Work order |
Could you copy every record exactly, leaving the pictures behind?

(Annotated photo localization data)
┌──
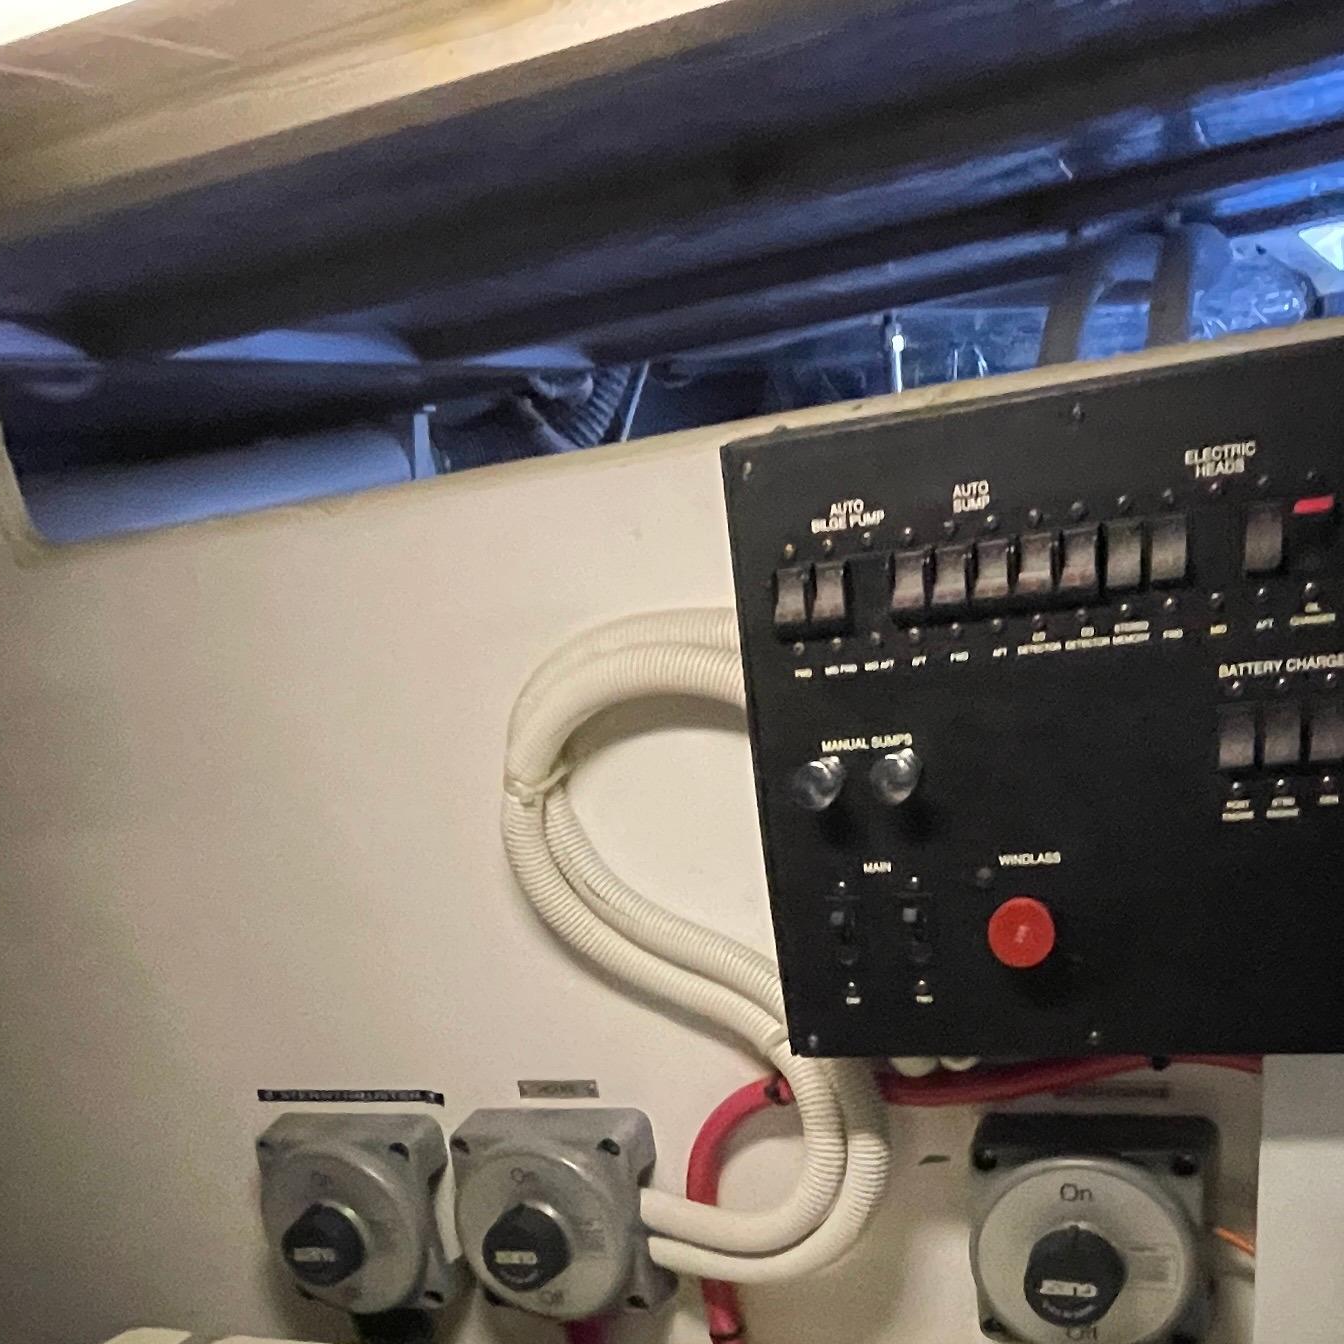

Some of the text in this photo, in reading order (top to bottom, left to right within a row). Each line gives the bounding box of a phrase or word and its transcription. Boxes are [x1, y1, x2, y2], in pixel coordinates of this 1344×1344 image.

[1185, 440, 1256, 466] ELECTRIC
[1195, 459, 1245, 478] HEADS
[953, 480, 990, 499] AUTO
[829, 498, 865, 517] AUTO
[811, 508, 885, 534] BILGE PUMP
[1219, 660, 1283, 679] BATTERY
[821, 737, 869, 752] MANUAL
[863, 861, 892, 874] MAIN
[999, 851, 1061, 866] WINDLASS
[1060, 1183, 1093, 1202] On
└──
Answer section |
Some of the text in this photo, in reading order (top to bottom, left to right within a row). Each line gives the bounding box of a phrase or word and its transcription. Boxes are [x1, y1, x2, y2], in pixel coordinates of this 1344×1344 image.

[1185, 440, 1256, 466] ELECTRIC
[1195, 459, 1245, 478] HEADS
[953, 480, 990, 499] AUTO
[829, 498, 865, 517] AUTO
[811, 508, 885, 534] BILGE PUMP
[1219, 660, 1283, 679] BATTERY
[821, 737, 869, 752] MANUAL
[863, 861, 892, 874] MAIN
[999, 851, 1061, 866] WINDLASS
[1060, 1183, 1093, 1202] On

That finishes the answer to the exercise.